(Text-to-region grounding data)
= = = = = = =

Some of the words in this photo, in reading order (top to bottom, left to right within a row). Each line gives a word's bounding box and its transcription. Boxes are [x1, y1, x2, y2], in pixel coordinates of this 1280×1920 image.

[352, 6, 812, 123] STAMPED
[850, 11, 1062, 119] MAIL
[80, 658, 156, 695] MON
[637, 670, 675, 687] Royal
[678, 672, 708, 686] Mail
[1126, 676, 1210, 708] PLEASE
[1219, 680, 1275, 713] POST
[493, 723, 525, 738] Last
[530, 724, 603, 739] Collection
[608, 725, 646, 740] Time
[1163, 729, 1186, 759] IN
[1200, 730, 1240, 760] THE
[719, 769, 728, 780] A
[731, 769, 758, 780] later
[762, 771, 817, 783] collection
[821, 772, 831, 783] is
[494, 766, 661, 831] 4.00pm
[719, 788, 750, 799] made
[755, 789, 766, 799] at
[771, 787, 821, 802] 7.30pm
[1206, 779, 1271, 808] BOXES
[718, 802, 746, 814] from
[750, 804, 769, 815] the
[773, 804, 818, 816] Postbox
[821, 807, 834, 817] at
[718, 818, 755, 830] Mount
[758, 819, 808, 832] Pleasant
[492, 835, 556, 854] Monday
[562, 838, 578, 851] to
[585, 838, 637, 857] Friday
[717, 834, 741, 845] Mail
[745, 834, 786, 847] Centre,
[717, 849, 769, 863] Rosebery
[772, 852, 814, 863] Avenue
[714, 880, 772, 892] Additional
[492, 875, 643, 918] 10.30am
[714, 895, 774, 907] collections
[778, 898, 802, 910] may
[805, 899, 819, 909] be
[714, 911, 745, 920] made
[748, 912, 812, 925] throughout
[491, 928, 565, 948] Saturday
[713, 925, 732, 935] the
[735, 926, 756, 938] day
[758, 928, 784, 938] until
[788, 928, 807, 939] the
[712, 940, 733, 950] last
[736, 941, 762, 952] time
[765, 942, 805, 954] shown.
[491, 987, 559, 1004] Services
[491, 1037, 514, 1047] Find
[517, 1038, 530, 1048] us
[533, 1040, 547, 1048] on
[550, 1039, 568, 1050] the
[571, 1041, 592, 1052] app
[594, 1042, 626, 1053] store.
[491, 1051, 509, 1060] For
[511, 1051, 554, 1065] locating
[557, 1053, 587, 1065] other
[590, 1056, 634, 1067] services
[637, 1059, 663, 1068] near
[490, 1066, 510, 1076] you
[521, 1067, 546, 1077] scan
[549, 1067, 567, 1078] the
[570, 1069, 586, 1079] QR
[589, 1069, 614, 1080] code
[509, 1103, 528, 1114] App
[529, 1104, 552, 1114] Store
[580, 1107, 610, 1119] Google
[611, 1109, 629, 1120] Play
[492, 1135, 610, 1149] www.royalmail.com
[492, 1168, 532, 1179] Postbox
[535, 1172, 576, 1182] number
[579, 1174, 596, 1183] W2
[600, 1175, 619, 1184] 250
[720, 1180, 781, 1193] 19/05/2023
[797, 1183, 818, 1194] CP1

= = = = = = =

• Work to be completed: Within the entries above, how many lines contain "made"? Respond with the number only.

• Reply: 2